=== GIVEN DATA ===
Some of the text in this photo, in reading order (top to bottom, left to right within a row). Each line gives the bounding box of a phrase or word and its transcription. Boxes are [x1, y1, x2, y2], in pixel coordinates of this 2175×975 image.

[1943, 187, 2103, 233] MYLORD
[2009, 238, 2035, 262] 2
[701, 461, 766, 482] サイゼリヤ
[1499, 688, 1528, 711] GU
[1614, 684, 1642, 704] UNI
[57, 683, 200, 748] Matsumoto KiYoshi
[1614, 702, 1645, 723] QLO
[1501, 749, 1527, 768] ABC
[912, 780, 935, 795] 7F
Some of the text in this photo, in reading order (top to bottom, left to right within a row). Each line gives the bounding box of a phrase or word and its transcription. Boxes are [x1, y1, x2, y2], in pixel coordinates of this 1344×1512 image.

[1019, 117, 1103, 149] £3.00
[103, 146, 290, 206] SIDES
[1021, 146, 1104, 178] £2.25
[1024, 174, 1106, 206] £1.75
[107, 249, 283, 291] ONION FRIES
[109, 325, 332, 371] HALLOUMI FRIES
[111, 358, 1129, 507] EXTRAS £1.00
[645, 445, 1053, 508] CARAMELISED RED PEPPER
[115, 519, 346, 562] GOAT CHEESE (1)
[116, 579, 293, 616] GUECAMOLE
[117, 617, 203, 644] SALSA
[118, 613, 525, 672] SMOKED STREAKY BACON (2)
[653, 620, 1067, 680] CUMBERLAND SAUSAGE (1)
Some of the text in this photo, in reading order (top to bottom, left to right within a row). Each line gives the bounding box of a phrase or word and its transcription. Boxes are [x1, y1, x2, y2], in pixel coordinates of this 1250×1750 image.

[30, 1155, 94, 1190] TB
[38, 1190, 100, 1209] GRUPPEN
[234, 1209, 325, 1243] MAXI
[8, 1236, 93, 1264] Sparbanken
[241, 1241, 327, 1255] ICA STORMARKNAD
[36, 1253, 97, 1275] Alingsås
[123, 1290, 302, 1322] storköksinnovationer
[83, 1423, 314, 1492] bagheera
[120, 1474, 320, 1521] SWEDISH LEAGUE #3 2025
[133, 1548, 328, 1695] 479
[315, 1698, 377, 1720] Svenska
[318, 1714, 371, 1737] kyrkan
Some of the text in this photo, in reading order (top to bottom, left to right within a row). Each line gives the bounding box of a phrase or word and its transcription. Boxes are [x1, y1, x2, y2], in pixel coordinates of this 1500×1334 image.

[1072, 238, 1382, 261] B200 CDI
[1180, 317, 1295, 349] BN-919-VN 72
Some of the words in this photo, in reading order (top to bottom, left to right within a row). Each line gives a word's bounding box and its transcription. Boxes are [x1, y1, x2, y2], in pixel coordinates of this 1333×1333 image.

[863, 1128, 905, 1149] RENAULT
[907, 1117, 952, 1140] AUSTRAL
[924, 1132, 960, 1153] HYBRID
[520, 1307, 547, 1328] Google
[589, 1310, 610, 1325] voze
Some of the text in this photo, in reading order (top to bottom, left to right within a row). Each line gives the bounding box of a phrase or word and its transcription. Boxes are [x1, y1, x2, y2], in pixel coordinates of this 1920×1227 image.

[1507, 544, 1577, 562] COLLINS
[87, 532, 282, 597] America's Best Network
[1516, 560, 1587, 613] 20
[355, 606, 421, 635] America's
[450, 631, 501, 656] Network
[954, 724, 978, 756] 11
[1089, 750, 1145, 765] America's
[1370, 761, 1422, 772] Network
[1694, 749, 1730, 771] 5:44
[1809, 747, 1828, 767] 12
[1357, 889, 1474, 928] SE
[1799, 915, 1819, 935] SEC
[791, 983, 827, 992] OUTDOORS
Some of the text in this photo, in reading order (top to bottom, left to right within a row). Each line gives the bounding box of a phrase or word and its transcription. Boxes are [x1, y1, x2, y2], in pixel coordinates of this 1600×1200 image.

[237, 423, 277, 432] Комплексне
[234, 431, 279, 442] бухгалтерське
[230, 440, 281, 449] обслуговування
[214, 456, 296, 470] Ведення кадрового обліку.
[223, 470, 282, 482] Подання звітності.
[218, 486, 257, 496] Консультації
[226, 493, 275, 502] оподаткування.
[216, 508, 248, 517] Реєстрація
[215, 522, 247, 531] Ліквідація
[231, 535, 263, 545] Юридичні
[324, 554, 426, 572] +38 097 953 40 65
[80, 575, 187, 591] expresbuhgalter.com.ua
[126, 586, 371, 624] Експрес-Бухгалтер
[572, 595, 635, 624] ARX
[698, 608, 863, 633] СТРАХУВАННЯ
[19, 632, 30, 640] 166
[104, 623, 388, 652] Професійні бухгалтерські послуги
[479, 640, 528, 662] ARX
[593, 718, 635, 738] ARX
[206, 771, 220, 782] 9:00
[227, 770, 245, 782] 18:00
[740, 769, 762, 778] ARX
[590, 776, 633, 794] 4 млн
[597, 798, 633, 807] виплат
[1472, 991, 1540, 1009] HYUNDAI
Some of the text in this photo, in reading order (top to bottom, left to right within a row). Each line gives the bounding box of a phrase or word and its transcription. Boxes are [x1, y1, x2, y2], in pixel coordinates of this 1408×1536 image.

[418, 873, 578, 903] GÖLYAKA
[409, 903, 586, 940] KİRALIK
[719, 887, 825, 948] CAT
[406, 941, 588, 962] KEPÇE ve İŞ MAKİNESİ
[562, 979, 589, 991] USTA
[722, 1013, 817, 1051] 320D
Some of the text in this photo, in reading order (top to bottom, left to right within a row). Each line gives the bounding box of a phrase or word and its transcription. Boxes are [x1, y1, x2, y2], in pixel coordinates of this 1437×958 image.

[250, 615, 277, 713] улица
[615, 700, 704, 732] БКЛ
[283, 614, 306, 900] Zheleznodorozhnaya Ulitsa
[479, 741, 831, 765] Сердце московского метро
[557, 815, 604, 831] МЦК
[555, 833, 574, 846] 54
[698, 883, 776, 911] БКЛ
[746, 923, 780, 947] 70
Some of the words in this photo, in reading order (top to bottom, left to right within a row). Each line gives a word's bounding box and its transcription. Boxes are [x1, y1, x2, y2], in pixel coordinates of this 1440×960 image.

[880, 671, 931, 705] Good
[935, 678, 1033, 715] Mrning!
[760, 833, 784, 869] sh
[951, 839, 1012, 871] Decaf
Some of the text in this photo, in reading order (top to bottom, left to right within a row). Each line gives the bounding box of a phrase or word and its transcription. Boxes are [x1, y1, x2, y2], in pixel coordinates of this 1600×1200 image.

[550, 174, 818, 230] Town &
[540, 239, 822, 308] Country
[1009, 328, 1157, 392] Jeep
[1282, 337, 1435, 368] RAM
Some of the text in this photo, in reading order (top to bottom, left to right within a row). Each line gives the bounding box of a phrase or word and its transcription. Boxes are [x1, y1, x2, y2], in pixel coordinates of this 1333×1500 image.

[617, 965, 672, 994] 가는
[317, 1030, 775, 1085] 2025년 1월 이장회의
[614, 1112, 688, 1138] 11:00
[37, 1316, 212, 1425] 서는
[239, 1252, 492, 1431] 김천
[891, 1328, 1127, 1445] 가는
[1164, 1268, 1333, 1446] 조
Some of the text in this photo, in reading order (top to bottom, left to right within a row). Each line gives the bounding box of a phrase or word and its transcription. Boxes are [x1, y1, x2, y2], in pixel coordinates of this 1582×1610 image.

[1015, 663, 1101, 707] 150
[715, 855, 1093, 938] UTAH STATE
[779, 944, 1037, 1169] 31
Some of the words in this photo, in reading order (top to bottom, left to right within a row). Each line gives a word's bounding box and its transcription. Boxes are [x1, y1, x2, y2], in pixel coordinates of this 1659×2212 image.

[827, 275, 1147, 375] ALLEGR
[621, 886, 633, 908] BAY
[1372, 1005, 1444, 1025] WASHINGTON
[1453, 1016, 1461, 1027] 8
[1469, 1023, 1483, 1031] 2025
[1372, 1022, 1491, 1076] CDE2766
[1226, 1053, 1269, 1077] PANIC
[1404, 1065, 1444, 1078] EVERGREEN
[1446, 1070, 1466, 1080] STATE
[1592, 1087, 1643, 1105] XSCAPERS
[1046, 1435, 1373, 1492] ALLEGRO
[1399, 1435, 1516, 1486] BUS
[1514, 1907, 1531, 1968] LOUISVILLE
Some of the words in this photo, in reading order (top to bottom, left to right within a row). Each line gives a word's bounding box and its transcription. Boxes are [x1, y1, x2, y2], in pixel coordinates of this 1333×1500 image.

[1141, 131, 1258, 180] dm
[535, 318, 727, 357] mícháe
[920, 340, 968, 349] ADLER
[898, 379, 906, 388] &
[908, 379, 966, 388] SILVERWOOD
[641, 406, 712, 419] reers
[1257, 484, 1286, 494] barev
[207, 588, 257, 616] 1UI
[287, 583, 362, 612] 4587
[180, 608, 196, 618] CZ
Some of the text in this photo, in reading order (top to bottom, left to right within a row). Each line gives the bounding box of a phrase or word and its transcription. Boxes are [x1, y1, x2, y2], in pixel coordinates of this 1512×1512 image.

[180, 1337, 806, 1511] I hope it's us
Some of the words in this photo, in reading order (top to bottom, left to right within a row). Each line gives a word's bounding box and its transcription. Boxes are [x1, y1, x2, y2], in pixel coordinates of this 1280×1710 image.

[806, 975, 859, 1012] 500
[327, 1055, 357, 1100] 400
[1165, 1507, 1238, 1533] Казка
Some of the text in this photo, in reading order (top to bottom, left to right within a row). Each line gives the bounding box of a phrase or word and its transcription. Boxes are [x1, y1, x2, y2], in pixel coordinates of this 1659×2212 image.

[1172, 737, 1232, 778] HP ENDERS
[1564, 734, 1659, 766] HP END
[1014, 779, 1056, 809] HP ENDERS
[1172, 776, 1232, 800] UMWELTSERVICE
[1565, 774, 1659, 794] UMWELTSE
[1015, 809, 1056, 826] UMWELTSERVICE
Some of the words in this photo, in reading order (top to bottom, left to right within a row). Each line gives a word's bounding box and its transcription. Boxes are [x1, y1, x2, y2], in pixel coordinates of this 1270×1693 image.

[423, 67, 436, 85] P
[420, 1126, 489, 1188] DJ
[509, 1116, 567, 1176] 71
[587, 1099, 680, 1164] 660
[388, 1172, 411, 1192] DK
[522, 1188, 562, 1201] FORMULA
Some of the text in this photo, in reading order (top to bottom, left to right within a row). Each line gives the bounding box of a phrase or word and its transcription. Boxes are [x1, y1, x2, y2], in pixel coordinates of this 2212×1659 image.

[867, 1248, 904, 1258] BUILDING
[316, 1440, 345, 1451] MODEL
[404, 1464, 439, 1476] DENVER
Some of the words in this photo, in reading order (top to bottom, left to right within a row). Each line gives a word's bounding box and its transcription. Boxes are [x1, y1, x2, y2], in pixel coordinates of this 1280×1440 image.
===
The answer must be the line containing "this 2212×1659 image." and every line after it to the end of the data, exactly as written.

Some of the text in this photo, in reading order (top to bottom, left to right within a row). Each line gives the bounding box of a phrase or word and its transcription. Boxes are [x1, y1, x2, y2], in pixel coordinates of this 2212×1659 image.

[867, 1248, 904, 1258] BUILDING
[316, 1440, 345, 1451] MODEL
[404, 1464, 439, 1476] DENVER
Some of the words in this photo, in reading order (top to bottom, left to right within a row). Each line gives a word's bounding box and its transcription. Boxes are [x1, y1, x2, y2], in pixel coordinates of this 1280×1440 image.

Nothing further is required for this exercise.